Mettere a sistema arte, cultura, cibo di qualità ed eccellenze artigiane in un grande progetto che copra tutto il territorio della provincia di Siena, per fidelizzare e sviluppare sempre di più i mercati. Questo il messaggio emerso dal convegno della CNA di Siena, a cui ha partecipato, tra gli altri, il segretario generale CNA, Sergio Silvestrini. Silvestrini ha confermato la scelta strategica della CNA: “L’altissima qualità dei nostri prodotti artigianali è la nostra più grande risorsa -ha detto-. E’ solo su questo che possiamo vincere nella competizione con la Cina e l’Asia. Ma non basta: oltre alla qualità e all’innovazione serve anche un’ottima organizzazione del sistema Paese. Serve efficienza, per allargare il raggio di azione delle nostre eccellenze e superare alcuni vincoli burocratici, ormai ossessivi e non più comprensibili, che sono la pena di tanti piccoli imprenditori” ha concluso.

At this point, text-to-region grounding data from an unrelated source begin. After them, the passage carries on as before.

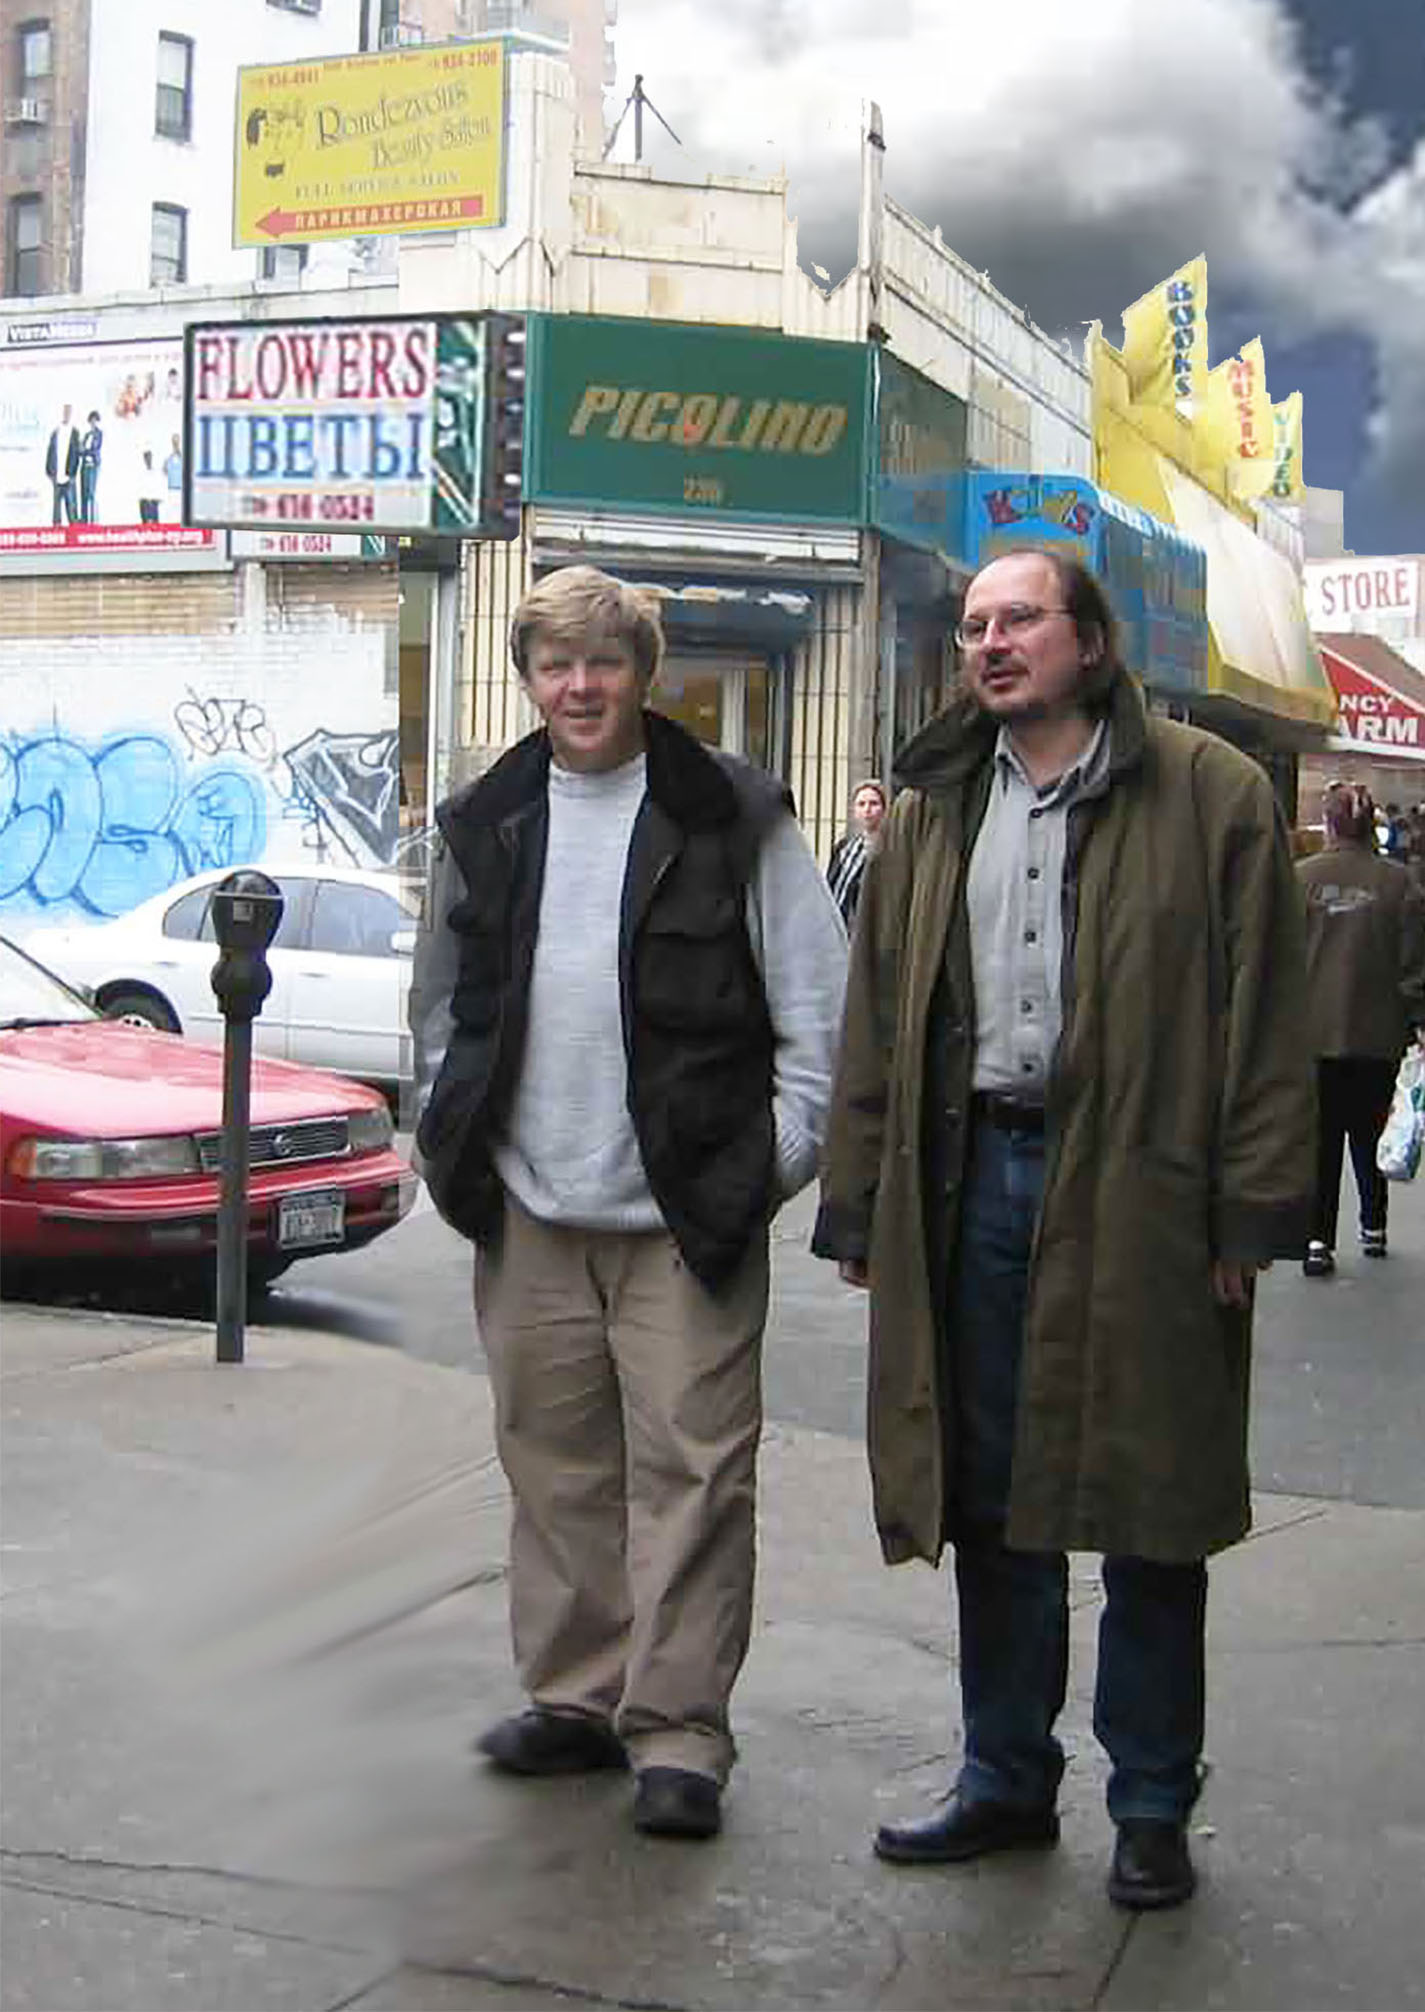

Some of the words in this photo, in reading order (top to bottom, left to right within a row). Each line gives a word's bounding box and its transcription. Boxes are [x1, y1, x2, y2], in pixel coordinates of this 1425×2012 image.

[294, 199, 463, 230] ПАРИКМАХЕРСКАЯ
[197, 329, 428, 400] FLOWERS
[196, 413, 426, 479] ЦВЕТЫ
[568, 384, 848, 456] PICOLINO
[1321, 569, 1411, 616] STORE
[1339, 693, 1396, 713] NCY

Significativi gli interventi di quattro eccellenze del mondo artigiano e imprenditoriale, ad iniziare la Laura Brocchi, artigiana del ferro e artista poliedrica, Roberto Rappuoli del birrificio San Quirico, Giulio Gambassi dell’omonimo salumificio e Giammarco Bisogno di Emma Villas.

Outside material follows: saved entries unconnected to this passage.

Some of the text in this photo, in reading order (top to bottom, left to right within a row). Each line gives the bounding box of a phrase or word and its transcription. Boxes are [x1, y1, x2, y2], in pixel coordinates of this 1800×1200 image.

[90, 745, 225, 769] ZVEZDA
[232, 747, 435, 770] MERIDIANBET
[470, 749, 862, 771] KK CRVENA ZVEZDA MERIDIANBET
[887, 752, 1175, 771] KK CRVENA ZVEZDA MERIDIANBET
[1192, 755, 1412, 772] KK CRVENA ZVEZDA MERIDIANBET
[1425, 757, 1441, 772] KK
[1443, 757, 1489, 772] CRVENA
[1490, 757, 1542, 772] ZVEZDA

Nel suo intervento, il presidente della CNA di Siena Fabio Petri ha ricordato: “Abbiamo un territorio con grandi eccellenze e la nostra sfida è legarle, con un biglietto da visita importantissimo formato dall’artigianato artistico e da tutto il settore dell’alimentare di qualità. Se a questo uniamo anche l’arte, il mix che esce è straordinario” ha concluso.